I think the telemedicine scene is interesting to watch. Large medical groups are changing their business models to reflect seeing 60-70% of their patient load virtually. The HMO’s are leading the charge which is often a sign of similar changes to come.
Medicine as whole likely would suffer a bit because seeing a patient virtually is not the same as seeing a patient in person but we are seeing that debate unfold now. To my knowledge, no major legal case has been won against negligence on a virtual platform.

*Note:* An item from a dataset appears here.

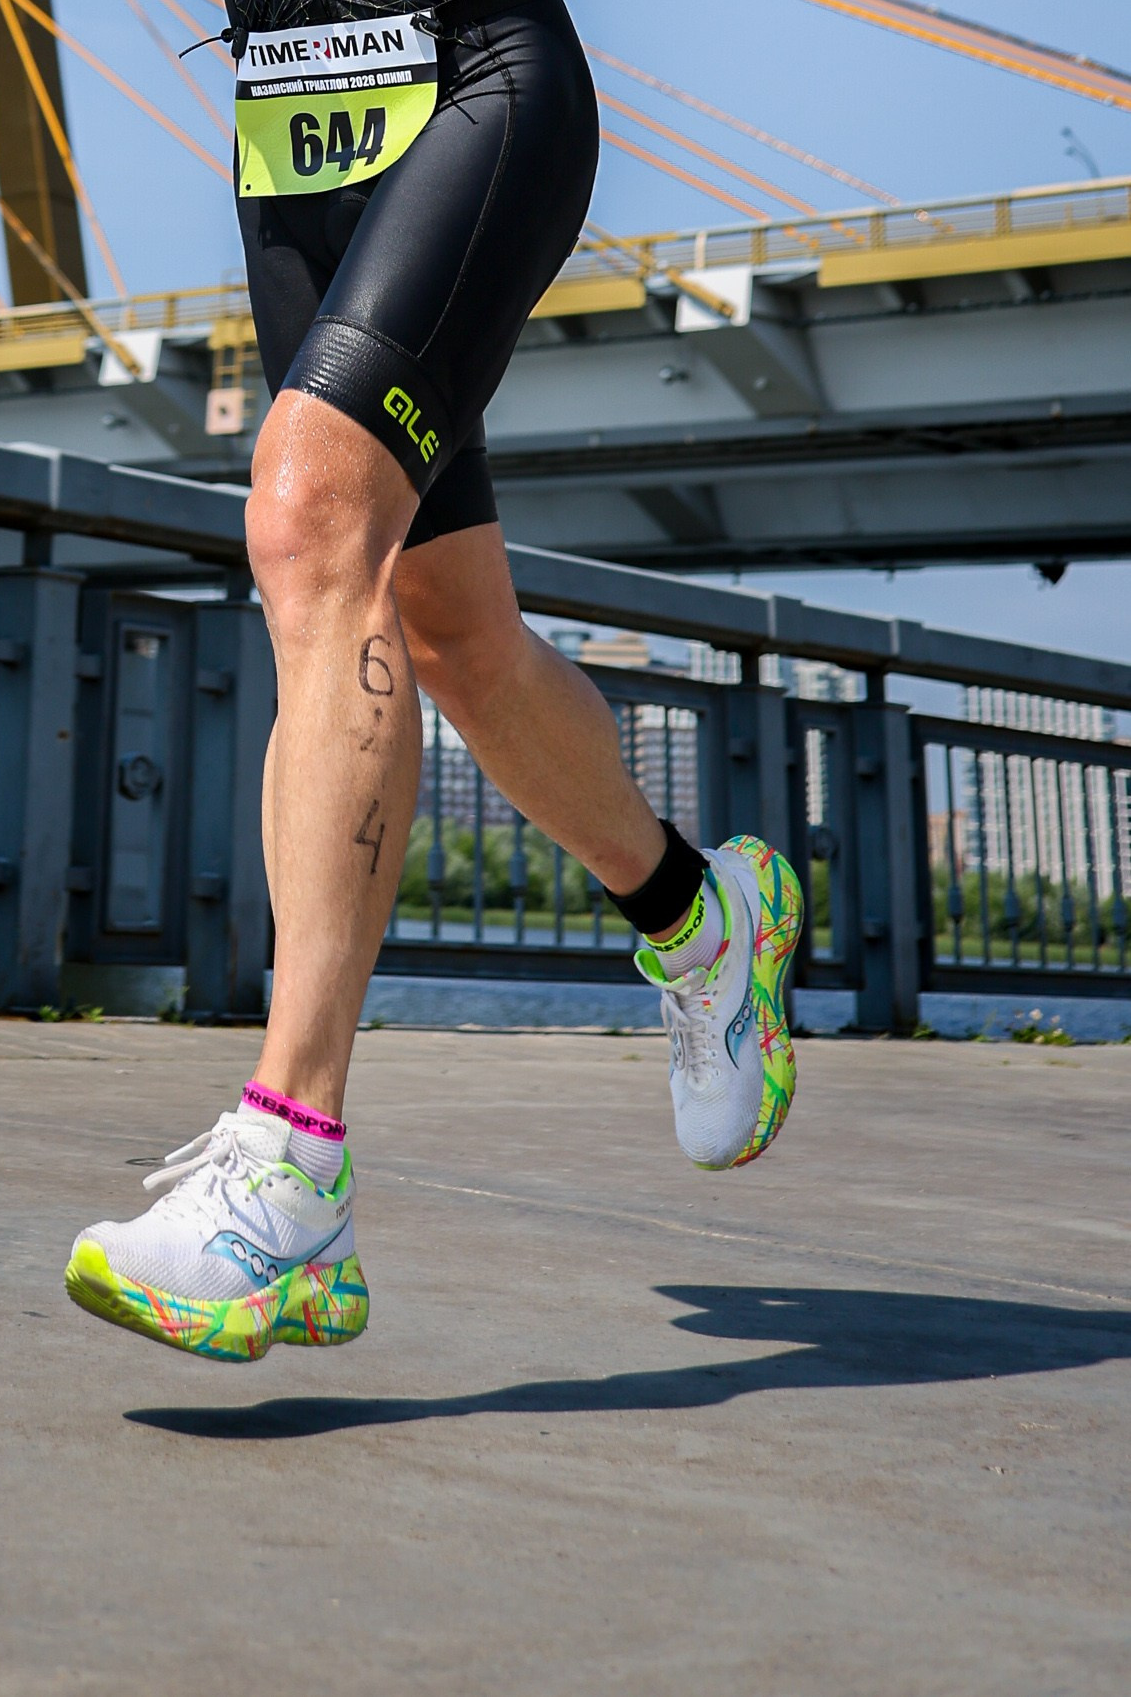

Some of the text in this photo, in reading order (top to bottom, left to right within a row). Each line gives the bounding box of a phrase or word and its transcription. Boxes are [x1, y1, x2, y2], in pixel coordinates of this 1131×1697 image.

[248, 29, 405, 67] TIMERMAN
[250, 70, 413, 97] КАЗАНСКИЙ ТРИАТЛОН 2026 ОЛИМП
[289, 107, 387, 177] 644

As for brick & mortar spaces, it’s interesting that things haven’t shaken up much more than they have already. Realtor fees are unchanged though some companies are advertising fixed prices. 3-5 year commercial leases are still fairly common-place which I think deters companies from signing a lease.
Multiuse buildings (residential plus commercial) are being built in far larger numbers than before which is a move in the right direction. Cities, however, are holding on to their strict permitting rules which will halt any chance for retail space revitalization.
For now, we’ll keep seeing more malls turned into apartment complexes.
Thanks for your comments, Dr. Mo. I’m interested as well in how telemedicine evolves over the next decade.